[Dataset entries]
——————
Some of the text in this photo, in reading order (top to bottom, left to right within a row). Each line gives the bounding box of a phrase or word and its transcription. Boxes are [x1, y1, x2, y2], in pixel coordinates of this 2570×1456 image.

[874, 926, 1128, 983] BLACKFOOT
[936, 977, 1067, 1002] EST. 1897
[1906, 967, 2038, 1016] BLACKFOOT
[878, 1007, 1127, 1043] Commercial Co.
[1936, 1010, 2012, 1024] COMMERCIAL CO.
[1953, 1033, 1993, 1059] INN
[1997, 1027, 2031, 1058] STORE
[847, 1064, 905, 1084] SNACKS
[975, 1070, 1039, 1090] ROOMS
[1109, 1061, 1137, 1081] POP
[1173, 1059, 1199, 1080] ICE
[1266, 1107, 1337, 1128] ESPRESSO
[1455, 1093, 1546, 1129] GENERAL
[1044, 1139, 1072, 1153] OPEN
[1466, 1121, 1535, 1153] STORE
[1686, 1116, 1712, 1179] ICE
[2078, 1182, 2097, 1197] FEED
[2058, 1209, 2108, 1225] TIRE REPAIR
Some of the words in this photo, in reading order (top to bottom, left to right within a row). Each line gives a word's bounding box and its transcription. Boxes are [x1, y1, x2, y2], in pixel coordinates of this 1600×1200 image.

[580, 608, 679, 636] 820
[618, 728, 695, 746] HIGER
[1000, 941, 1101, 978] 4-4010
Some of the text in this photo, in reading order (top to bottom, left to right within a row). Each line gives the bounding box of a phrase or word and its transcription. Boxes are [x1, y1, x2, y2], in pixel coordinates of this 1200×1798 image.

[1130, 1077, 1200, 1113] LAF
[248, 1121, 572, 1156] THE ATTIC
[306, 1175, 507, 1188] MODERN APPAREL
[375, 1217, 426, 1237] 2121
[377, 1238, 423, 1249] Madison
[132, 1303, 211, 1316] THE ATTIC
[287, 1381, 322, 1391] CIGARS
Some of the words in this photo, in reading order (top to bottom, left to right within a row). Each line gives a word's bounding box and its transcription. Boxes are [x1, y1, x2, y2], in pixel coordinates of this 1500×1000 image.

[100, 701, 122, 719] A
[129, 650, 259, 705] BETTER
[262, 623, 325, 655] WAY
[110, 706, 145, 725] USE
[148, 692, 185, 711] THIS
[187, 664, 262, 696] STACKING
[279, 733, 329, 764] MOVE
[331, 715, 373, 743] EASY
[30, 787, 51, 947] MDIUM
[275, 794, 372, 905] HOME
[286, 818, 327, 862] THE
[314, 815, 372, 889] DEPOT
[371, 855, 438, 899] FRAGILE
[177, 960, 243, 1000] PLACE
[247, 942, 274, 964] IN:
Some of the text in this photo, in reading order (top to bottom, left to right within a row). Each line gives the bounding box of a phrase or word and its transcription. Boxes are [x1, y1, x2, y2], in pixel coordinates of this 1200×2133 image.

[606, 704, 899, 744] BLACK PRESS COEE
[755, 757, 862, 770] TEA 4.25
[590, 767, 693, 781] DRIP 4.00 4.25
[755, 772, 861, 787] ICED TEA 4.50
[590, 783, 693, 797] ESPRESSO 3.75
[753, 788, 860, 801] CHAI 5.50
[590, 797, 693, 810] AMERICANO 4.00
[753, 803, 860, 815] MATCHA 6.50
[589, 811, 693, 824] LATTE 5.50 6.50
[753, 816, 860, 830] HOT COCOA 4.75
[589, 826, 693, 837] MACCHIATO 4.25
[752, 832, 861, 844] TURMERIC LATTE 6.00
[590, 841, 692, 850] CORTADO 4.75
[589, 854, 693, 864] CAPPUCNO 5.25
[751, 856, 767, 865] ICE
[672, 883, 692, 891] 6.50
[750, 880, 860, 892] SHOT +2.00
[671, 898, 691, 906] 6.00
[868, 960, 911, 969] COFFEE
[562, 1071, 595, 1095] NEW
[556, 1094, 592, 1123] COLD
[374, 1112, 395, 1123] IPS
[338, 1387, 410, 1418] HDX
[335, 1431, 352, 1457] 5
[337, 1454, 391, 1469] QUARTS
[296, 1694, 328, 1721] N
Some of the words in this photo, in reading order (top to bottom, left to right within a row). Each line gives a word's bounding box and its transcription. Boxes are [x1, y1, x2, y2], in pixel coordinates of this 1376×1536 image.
——————
WHAT IS NEEDED: Nothing in the records should be altered when they are written out again.

OUTPUT FOR THIS EXERCISE:
Some of the text in this photo, in reading order (top to bottom, left to right within a row). Each line gives the bounding box of a phrase or word and its transcription. Boxes are [x1, y1, x2, y2], in pixel coordinates of this 2570×1456 image.

[874, 926, 1128, 983] BLACKFOOT
[936, 977, 1067, 1002] EST. 1897
[1906, 967, 2038, 1016] BLACKFOOT
[878, 1007, 1127, 1043] Commercial Co.
[1936, 1010, 2012, 1024] COMMERCIAL CO.
[1953, 1033, 1993, 1059] INN
[1997, 1027, 2031, 1058] STORE
[847, 1064, 905, 1084] SNACKS
[975, 1070, 1039, 1090] ROOMS
[1109, 1061, 1137, 1081] POP
[1173, 1059, 1199, 1080] ICE
[1266, 1107, 1337, 1128] ESPRESSO
[1455, 1093, 1546, 1129] GENERAL
[1044, 1139, 1072, 1153] OPEN
[1466, 1121, 1535, 1153] STORE
[1686, 1116, 1712, 1179] ICE
[2078, 1182, 2097, 1197] FEED
[2058, 1209, 2108, 1225] TIRE REPAIR
Some of the words in this photo, in reading order (top to bottom, left to right within a row). Each line gives a word's bounding box and its transcription. Boxes are [x1, y1, x2, y2], in pixel coordinates of this 1600×1200 image.

[580, 608, 679, 636] 820
[618, 728, 695, 746] HIGER
[1000, 941, 1101, 978] 4-4010
Some of the text in this photo, in reading order (top to bottom, left to right within a row). Each line gives the bounding box of a phrase or word and its transcription. Boxes are [x1, y1, x2, y2], in pixel coordinates of this 1200×1798 image.

[1130, 1077, 1200, 1113] LAF
[248, 1121, 572, 1156] THE ATTIC
[306, 1175, 507, 1188] MODERN APPAREL
[375, 1217, 426, 1237] 2121
[377, 1238, 423, 1249] Madison
[132, 1303, 211, 1316] THE ATTIC
[287, 1381, 322, 1391] CIGARS
Some of the words in this photo, in reading order (top to bottom, left to right within a row). Each line gives a word's bounding box and its transcription. Boxes are [x1, y1, x2, y2], in pixel coordinates of this 1500×1000 image.

[100, 701, 122, 719] A
[129, 650, 259, 705] BETTER
[262, 623, 325, 655] WAY
[110, 706, 145, 725] USE
[148, 692, 185, 711] THIS
[187, 664, 262, 696] STACKING
[279, 733, 329, 764] MOVE
[331, 715, 373, 743] EASY
[30, 787, 51, 947] MDIUM
[275, 794, 372, 905] HOME
[286, 818, 327, 862] THE
[314, 815, 372, 889] DEPOT
[371, 855, 438, 899] FRAGILE
[177, 960, 243, 1000] PLACE
[247, 942, 274, 964] IN:
Some of the text in this photo, in reading order (top to bottom, left to right within a row). Each line gives the bounding box of a phrase or word and its transcription. Boxes are [x1, y1, x2, y2], in pixel coordinates of this 1200×2133 image.

[606, 704, 899, 744] BLACK PRESS COEE
[755, 757, 862, 770] TEA 4.25
[590, 767, 693, 781] DRIP 4.00 4.25
[755, 772, 861, 787] ICED TEA 4.50
[590, 783, 693, 797] ESPRESSO 3.75
[753, 788, 860, 801] CHAI 5.50
[590, 797, 693, 810] AMERICANO 4.00
[753, 803, 860, 815] MATCHA 6.50
[589, 811, 693, 824] LATTE 5.50 6.50
[753, 816, 860, 830] HOT COCOA 4.75
[589, 826, 693, 837] MACCHIATO 4.25
[752, 832, 861, 844] TURMERIC LATTE 6.00
[590, 841, 692, 850] CORTADO 4.75
[589, 854, 693, 864] CAPPUCNO 5.25
[751, 856, 767, 865] ICE
[672, 883, 692, 891] 6.50
[750, 880, 860, 892] SHOT +2.00
[671, 898, 691, 906] 6.00
[868, 960, 911, 969] COFFEE
[562, 1071, 595, 1095] NEW
[556, 1094, 592, 1123] COLD
[374, 1112, 395, 1123] IPS
[338, 1387, 410, 1418] HDX
[335, 1431, 352, 1457] 5
[337, 1454, 391, 1469] QUARTS
[296, 1694, 328, 1721] N
Some of the words in this photo, in reading order (top to bottom, left to right within a row). Each line gives a word's bounding box and its transcription. Boxes are [x1, y1, x2, y2], in pixel coordinates of this 1376×1536 image.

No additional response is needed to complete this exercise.